After Russia’s invasion, many feared Ukraine’s internet access would be cut off, either through cyberattacks or the destruction of internet infrastructure — or both. While there have been some temporary outages and attacks on government websites, for the most part, there hasn’t been an internet blackout yet. Even so, after Ukraine’s vice prime minister, Mykhailo Fedorov, tweeted an appeal to Elon Musk, the billionaire sent help.
Earlier this week, a truckload of Starlink satellite dishes, also known as Dishys, showed up in Ukraine. Elon Musk also turned on Starlink’s space internet service in the country, ushering in a round of positive headlines about his world-saving generosity. It’s not clear if or when Ukraine will need an alternate internet service, but it can’t hurt to have the public support of the richest man in the world. But some worried that support could bring with it additional risk if Russia was to trace the satellite signals and target whoever was using them — concerns that would be echoed by Musk himself several days later.
Musk isn’t the only powerful and influential tech magnate that Fedorov, who is also Ukraine’s minister of digital transformation, has appealed to for help during the invasion. Over the last several days, he’s tweeted sometimes emotional pleas to Apple and Tim Cook to block App Store access in Russia; to Google and its CEO Sundar Pichai, and YouTube and its CEO Susan Wojcicki to deplatform Russian state media; to Cloudflare and its CEO Matthew Prince to block Russia’s access to its services; and to Meta and Mark Zuckerberg to block access to Facebook and Instagram in Russia. Fedorov has also tweeted at payment processors and crypto exchanges to cut off Russia, and called for “cyber specialists” to join an “IT army.”
It’s part of a seemingly effective strategy. Russia is known for using the internet to push its propaganda through coordinated social media campaigns. But Ukraine has come up with its own social media tactics, with its leaders making Ukraine’s case through personal, often heartfelt appeals on various channels. As Fedorov said in a tweet last week: Win the hearts of the world while cutting Russians off from technology that’s become essential to many aspects of their daily lives.

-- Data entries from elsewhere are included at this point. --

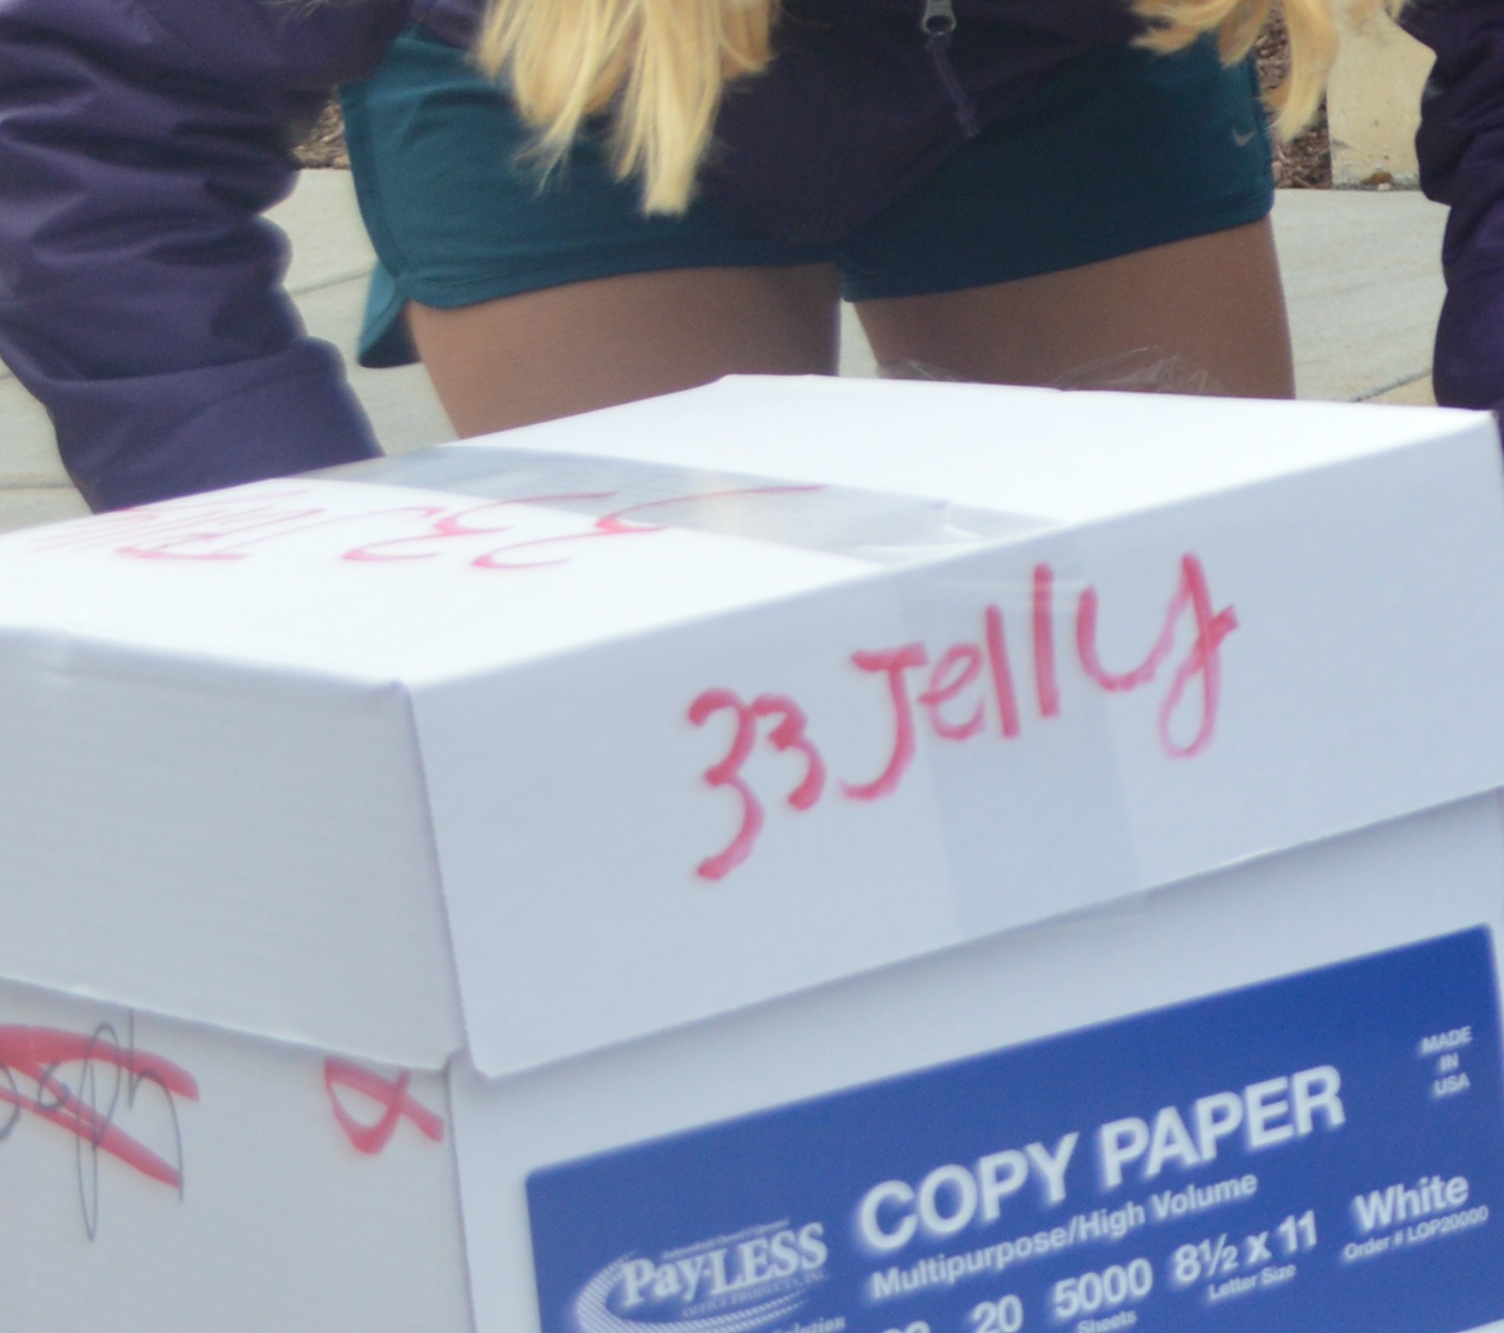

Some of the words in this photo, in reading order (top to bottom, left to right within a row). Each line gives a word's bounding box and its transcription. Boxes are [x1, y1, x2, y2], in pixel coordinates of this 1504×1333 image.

[1420, 1025, 1472, 1056] MADE
[1438, 1052, 1459, 1073] IN
[1433, 1073, 1470, 1099] USA
[859, 1131, 1078, 1253] COPY
[1102, 1063, 1346, 1189] PAPER
[1352, 1175, 1470, 1234] White
[869, 1199, 1146, 1301] Multipurpose/High
[1151, 1173, 1258, 1221] Volume
[1279, 1209, 1319, 1254] 11
[972, 1294, 1024, 1333] 20
[1052, 1258, 1154, 1320] 5000
[1206, 1269, 1258, 1303] Letter
[1260, 1262, 1297, 1290] Size
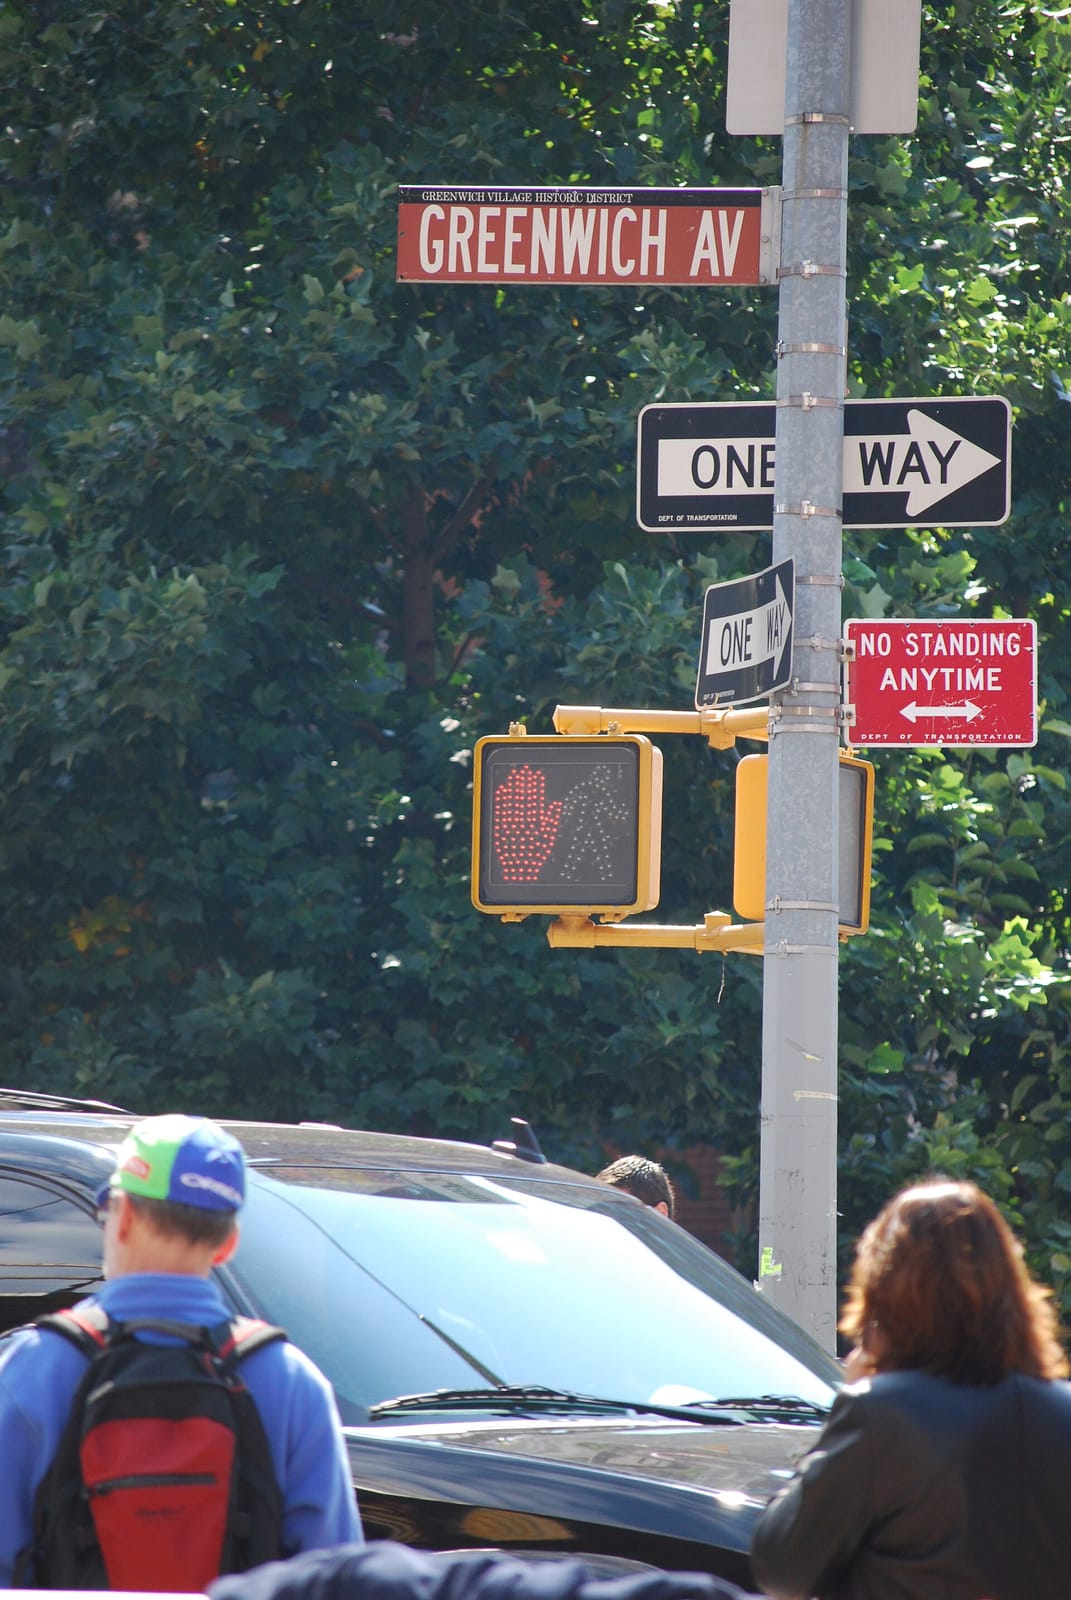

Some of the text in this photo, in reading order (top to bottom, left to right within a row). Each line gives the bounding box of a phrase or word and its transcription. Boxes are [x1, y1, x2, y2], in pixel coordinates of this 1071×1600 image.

In 2022 modern technologies are one of the best response to tanks, rockets and missiles. I’ve addressed to the biggest tech giants to support the sanctions for Russian Federation. We asked them to help us stop this outrageous aggression on our people!
— Mykhailo Fedorov (@FedorovMykhailo) February 26, 2022
Fedorov hasn’t gotten everything he asked for from the other companies, but they have offered some help. Apple stopped selling products in Russia, cut off Apple Pay in the country, and removed Russian state-controlled news apps from its App Store outside Russia. YouTube is deplatforming Russian state-controlled media in Europe, while Google and YouTube have stopped monetizing ads on Russian state-controlled websites and channels. Meta is restricting access to Russian state-controlled media on Facebook and Instagram in the European Union, and demoting posts with links to Russian state-owned media globally.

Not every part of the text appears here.